Decoding Your Nutritional Baseline
Standard annual blood panels focus on broad markers like complete blood count and lipid levels. A nutrition-focused review asks different questions about status and patterns.
Registered dietitian Sarah Waybright created the Nutrition Restart program to address these gaps. Her approach moves past basic panels to examine ferritin, methylmalonic acid, homocysteine, vitamin D, omega-3 status, and zinc when relevant for plant-forward eaters.
Baseline reviews compare lab values against a 3- to 7-day food record, supplement list, medication list, digestive symptoms, training load, and menstrual or blood-donation history.
How Does Spectracell Micronutrient Testing Work?
Spectracell provides specialized micronutrient blood testing. It measures functional deficiencies at the cellular level instead of serum levels alone.
Venous blood draws are scheduled Monday through Thursday to avoid shipping delays. Functional cellular assays require viable white blood cells, so handling time matters.
Reports cover B vitamins, antioxidant nutrients, minerals, amino-acid-related markers, and fatty-acid patterns. For plant-based clients, low or borderline B12 findings are cross-checked against supplement form, dose timing, methylmalonic acid or homocysteine, and fortified food intake over the prior 8 to 12 weeks.
What Is the LEAP MRT for Food Sensitivities?
The LEAP MRT differs from standard allergy testing. Standard tests target IgE-mediated responses, while this panel identifies inflammatory responses to foods and chemicals such as colorings or preservatives.

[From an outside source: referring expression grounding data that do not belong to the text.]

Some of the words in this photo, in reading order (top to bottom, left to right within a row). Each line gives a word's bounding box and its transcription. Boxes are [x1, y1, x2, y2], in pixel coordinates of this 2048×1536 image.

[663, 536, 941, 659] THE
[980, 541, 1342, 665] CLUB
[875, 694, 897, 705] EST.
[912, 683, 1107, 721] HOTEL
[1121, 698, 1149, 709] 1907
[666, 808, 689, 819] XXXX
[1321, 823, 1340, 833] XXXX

Results group items into low-, moderate-, and high-reactivity categories. Dietitians use these to prioritize inclusions, brief pauses, and structured reintroductions.
A targeted anti-inflammatory plan often starts with a simplified menu for 10 to 14 days. Symptom tracking covers meal time, food amount, sleep, bowel pattern, skin changes, headache, joint discomfort, and stress level for 24 to 72 hours after each reintroduction.

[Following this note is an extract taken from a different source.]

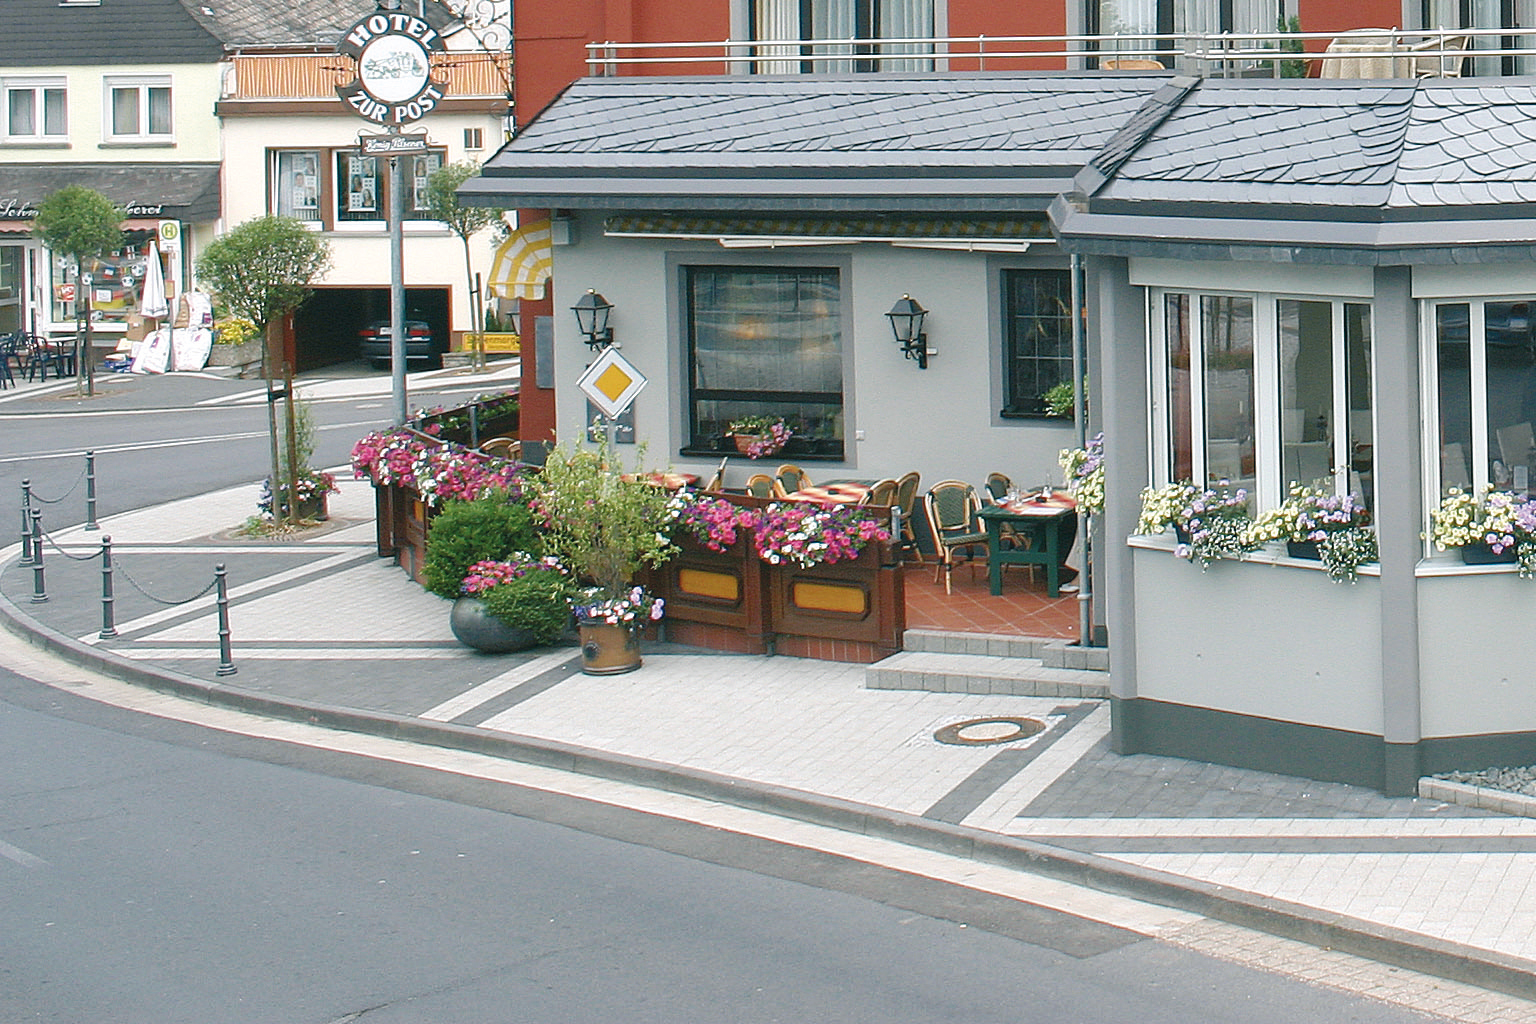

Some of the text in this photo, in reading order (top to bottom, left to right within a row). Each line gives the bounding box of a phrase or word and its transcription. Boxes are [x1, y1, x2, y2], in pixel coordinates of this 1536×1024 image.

How Can Nutrigenomix Guide Your Diet?
Nutrigenomix serves as the genetics testing partner for personalized nutrition. Saliva or cheek swab samples are mailed to a certified laboratory.
Reports examine variants related to caffeine metabolism, lactose tolerance, folate metabolism, vitamin D transport, sodium sensitivity, omega-3 conversion, iron regulation, and weight-response patterns. Genes such as CYP1A2, MTHFR, FADS1, FADS2, and LCT appear frequently in interpretations.
Findings translate into meal decisions such as choosing fortified soy milk, using iodized salt within targets, adding ground flax or algae-based DHA/EPA, or shifting caffeine timing. genetic variations impact how your body metabolizes specific nutrients, turning generalized advice into DNA-based culinary education.
How Do You Apply These Results in the Nutrition Restart Program?
The core program runs eight weeks. This duration allows trials of breakfast, lunch, dinner, snacks, batch-cooking routines, and restaurant strategies.
Lab findings convert into three to five priority actions, such as B12 supplementation timing, iron-rich meal pairings with vitamin C, omega-3 source selection, protein distribution, or vitamin D follow-up.
Dinner planning centers on two batch-cooked proteins, two sauces, three cooked vegetables, one raw vegetable option, and one grain or starchy base per week. The Option 3 tier adds a six-month extended accountability period for habit maintenance, travel strategies, seasonal rotation, and selective rechecks.
What Are the Limitations of Clinical Nutrition Tests?
Lab tests function as diagnostic tools rather than standalone cures. A low ferritin result may reflect intake, menstrual losses, blood donation, gastrointestinal blood loss, malabsorption, or inflammation; the food plan shifts according to the cause.
Genetic predisposition does not confirm current deficiency. A person with a folate-related variant may maintain adequate status through strong intake and absorption.
Rechecks of selected markers are considered after 8 to 16 weeks of consistent intervention. Important: These tests are most helpful when interpreted by a registered dietitian or qualified clinician who can connect the report to medical history, medications, symptoms, and actual eating patterns.
Bottom Line: Results guide adjustments only when paired with ongoing clinical context and practical meal planning.